その後、同醸造所ではAldox Miniの用途を拡大し、高アルコール度数のビールを通常のアルコール度数へ調整する工程にも活用しています。脱気水を使用することで、アルコール度数(ABV)の測定値のばらつきを補正し、製品品質を安定化しています。脱気設備の導入により、Vocation Breweryの製品ラインアップ全体における品質管理が向上しました。

また、Vocation Breweryでは配管洗浄時のパージに二酸化炭素ではなく脱気水を使用するようになりました。これにより、水や仕込み水中の溶存酸素量を低減し、ビールの品質を保護しています。従来行われていた、沸騰水と二酸化炭素を用いた配管パージを不要にすることで、より持続可能なプロセスを実現しています。

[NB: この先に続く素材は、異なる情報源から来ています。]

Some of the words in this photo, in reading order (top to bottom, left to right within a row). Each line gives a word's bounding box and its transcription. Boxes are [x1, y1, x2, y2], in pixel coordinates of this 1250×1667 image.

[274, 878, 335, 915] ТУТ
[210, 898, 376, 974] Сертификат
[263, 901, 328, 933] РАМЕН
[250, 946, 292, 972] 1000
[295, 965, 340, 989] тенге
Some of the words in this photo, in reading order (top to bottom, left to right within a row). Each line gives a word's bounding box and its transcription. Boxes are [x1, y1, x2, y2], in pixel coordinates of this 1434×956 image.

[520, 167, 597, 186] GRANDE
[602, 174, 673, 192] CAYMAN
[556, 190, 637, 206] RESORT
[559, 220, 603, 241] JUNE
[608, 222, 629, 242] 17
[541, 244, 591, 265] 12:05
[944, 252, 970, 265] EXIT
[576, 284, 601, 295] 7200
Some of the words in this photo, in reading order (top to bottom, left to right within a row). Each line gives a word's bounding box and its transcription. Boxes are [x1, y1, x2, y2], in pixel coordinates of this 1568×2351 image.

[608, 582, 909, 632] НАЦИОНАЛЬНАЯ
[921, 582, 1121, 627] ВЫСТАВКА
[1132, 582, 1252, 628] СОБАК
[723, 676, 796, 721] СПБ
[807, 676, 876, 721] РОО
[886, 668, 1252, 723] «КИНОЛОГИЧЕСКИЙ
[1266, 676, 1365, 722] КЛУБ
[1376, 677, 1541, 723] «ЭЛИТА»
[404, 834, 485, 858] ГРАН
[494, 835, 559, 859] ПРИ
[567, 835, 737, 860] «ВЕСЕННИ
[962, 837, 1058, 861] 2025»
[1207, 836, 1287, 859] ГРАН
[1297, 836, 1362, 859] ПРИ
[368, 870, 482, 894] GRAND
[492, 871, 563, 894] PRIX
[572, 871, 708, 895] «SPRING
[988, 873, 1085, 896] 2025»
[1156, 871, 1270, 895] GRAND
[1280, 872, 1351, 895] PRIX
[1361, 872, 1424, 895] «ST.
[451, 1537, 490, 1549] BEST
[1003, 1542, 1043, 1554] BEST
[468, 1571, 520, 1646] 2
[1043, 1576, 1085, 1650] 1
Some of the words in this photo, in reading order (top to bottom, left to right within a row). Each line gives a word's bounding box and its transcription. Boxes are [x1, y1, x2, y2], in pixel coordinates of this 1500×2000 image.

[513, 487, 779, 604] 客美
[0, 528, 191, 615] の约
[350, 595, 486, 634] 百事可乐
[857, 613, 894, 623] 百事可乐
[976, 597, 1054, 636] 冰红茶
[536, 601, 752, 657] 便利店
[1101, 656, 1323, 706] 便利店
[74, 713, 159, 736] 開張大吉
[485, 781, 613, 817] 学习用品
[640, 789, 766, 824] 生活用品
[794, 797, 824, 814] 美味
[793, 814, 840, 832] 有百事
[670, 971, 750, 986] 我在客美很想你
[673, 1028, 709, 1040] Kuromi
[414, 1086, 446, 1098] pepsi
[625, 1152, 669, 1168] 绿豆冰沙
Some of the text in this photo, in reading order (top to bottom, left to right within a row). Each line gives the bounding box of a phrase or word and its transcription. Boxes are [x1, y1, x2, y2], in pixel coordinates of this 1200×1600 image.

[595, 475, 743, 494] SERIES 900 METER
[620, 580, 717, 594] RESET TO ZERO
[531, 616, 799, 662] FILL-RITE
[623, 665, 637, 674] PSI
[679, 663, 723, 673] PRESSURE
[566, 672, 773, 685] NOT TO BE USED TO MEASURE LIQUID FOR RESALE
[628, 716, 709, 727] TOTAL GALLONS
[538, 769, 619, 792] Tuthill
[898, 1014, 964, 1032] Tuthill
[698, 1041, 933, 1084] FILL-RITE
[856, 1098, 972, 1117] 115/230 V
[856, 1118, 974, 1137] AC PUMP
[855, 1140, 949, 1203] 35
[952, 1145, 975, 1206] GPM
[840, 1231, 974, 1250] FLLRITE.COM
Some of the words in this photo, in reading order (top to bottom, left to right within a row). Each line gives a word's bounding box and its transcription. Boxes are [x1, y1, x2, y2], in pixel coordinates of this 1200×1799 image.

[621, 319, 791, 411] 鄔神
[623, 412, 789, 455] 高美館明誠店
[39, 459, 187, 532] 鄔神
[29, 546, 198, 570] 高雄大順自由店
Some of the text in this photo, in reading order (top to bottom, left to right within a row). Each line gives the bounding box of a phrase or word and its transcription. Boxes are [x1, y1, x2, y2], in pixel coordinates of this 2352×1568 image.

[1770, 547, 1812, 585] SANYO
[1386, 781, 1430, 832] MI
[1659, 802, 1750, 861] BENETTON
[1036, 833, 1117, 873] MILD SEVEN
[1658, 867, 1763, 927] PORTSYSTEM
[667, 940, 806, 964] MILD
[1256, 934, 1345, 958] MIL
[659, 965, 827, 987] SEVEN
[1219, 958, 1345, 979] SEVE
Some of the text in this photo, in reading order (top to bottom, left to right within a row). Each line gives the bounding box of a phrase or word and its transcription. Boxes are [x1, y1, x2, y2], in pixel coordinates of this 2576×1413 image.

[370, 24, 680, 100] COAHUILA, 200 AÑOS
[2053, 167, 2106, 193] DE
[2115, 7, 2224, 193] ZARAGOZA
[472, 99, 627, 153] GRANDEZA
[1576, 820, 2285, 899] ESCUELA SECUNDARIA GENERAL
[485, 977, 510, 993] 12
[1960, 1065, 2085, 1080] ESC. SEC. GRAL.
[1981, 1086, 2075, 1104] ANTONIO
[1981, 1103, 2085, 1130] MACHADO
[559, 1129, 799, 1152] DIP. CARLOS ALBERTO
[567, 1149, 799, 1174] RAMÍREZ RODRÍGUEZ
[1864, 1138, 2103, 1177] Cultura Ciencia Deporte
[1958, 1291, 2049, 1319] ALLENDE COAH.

「分離機の性能はもちろん、アルファ・ラバルのスタッフの対応も非常に優れていました。そのため、5年後に新たな脱気処理ラインへの投資を検討した際、真っ先に思い浮かんだのはアルファ・ラバルでした。
Vocation Brewery 醸造責任者(Director of Brewing) Matt Howgate氏

迅速な脱酸素化による生産性向上

Aldox Miniを導入する以前、同醸造所では脱気水を製造するためにストリッピングガス(二酸化炭素:CO2)を使用していました。しかし、この方法では処理に時間がかかるうえ、水中により多くの溶存酸素が残っていました。Aldox Miniは5分未満で溶存酸素濃度を10ppb未満まで低減できるため、より短時間で高品質なビールの製造が可能になります。

Matt氏は笑顔で次のように語ります。「当社における脱気水の製造能力は大幅に向上しました。現在では1時間当たり最大30ヘクトリットルの脱気水を生産でき、これは以前と比べて飛躍的な改善です。現時点の要求を十分に満たすだけでなく、将来的な生産拡大にも対応できる余力を確保しています。」